**WHAT YOU SHOULD DO:** Restate the data below word for word, omitting pictures.

Saved entries
Start of Block

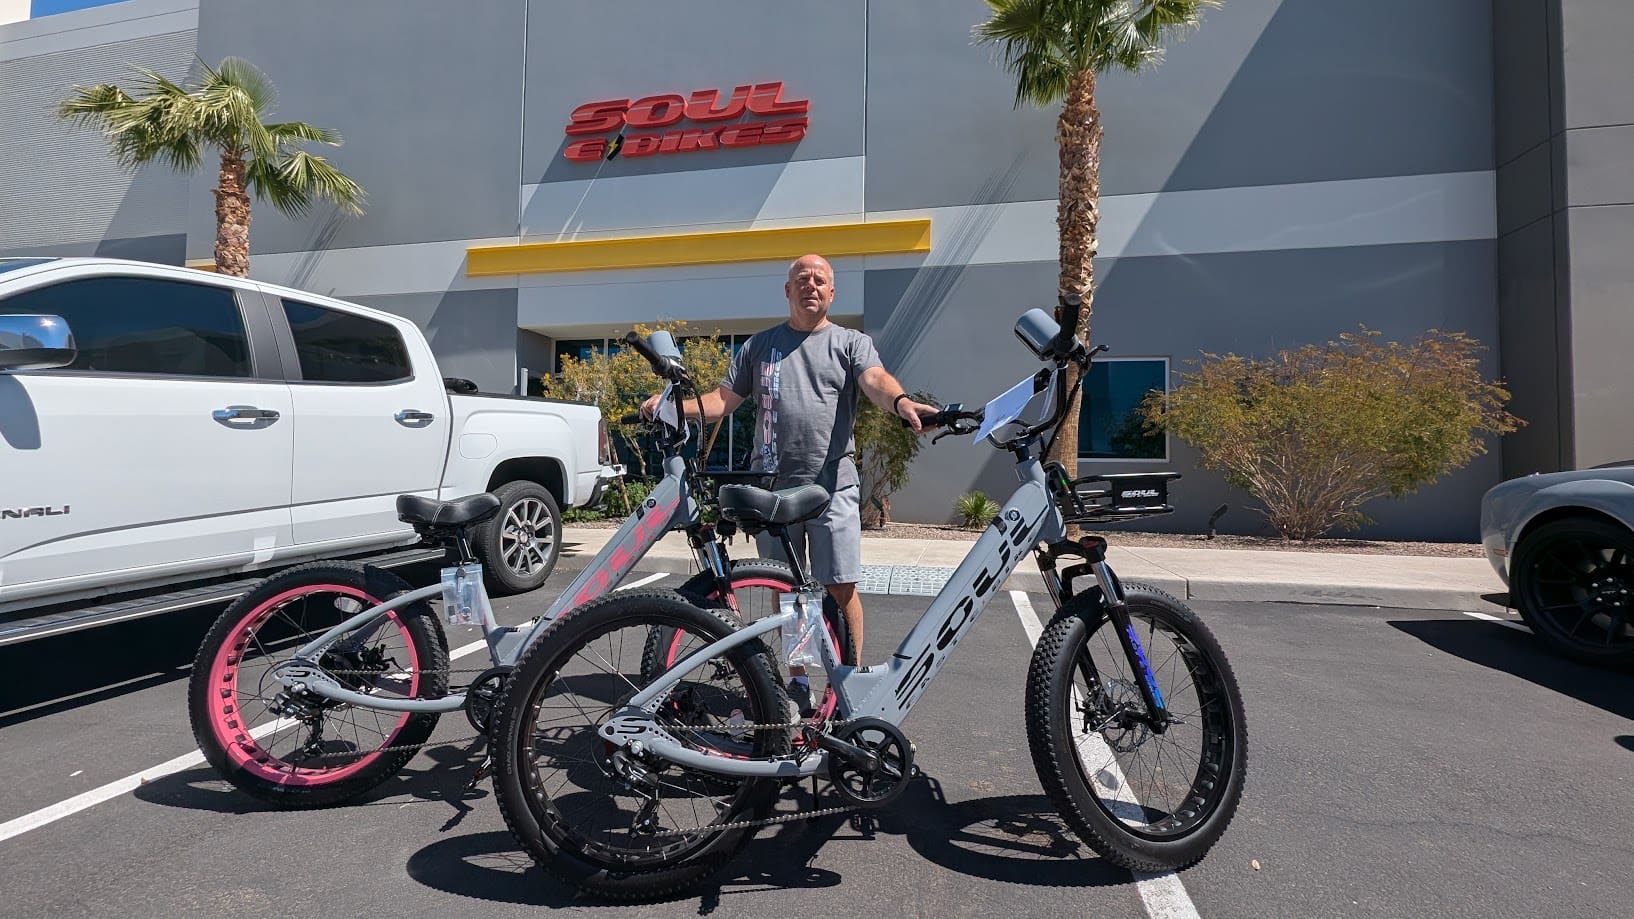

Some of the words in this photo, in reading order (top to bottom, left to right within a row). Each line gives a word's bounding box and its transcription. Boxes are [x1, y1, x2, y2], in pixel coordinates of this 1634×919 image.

[565, 81, 809, 136] SOUL
[0, 505, 70, 520] NALI
[894, 505, 1049, 711] SOUL
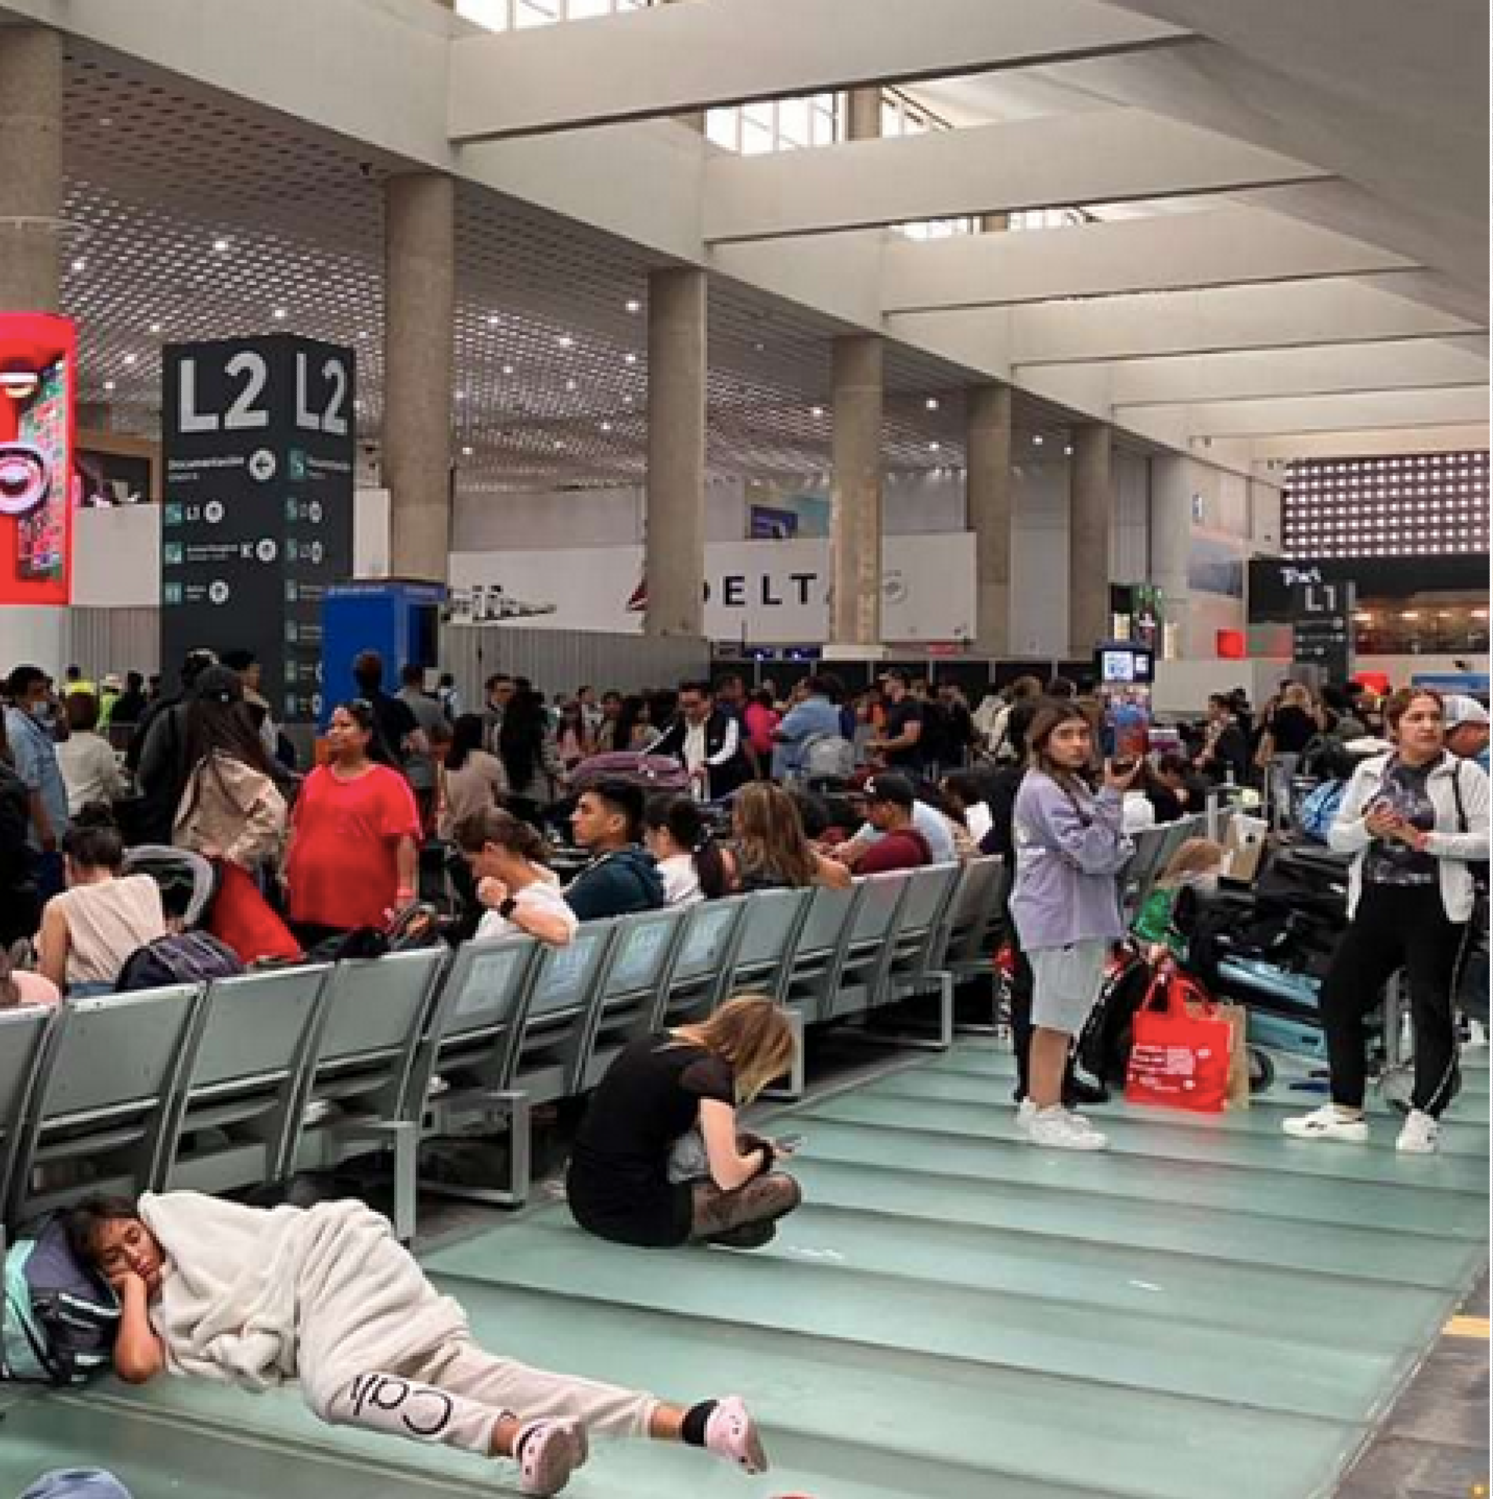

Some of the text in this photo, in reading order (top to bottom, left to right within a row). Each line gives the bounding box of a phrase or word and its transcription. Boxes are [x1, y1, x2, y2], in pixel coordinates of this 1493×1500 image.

End of Block

**SOLUTION TO THE EXERCISE:**
Some of the words in this photo, in reading order (top to bottom, left to right within a row). Each line gives a word's bounding box and its transcription. Boxes are [x1, y1, x2, y2], in pixel coordinates of this 1634×919 image.

[565, 81, 809, 136] SOUL
[0, 505, 70, 520] NALI
[894, 505, 1049, 711] SOUL

Some of the text in this photo, in reading order (top to bottom, left to right within a row). Each line gives the bounding box of a phrase or word and its transcription. Boxes are [x1, y1, x2, y2], in pixel coordinates of this 1493×1500 image.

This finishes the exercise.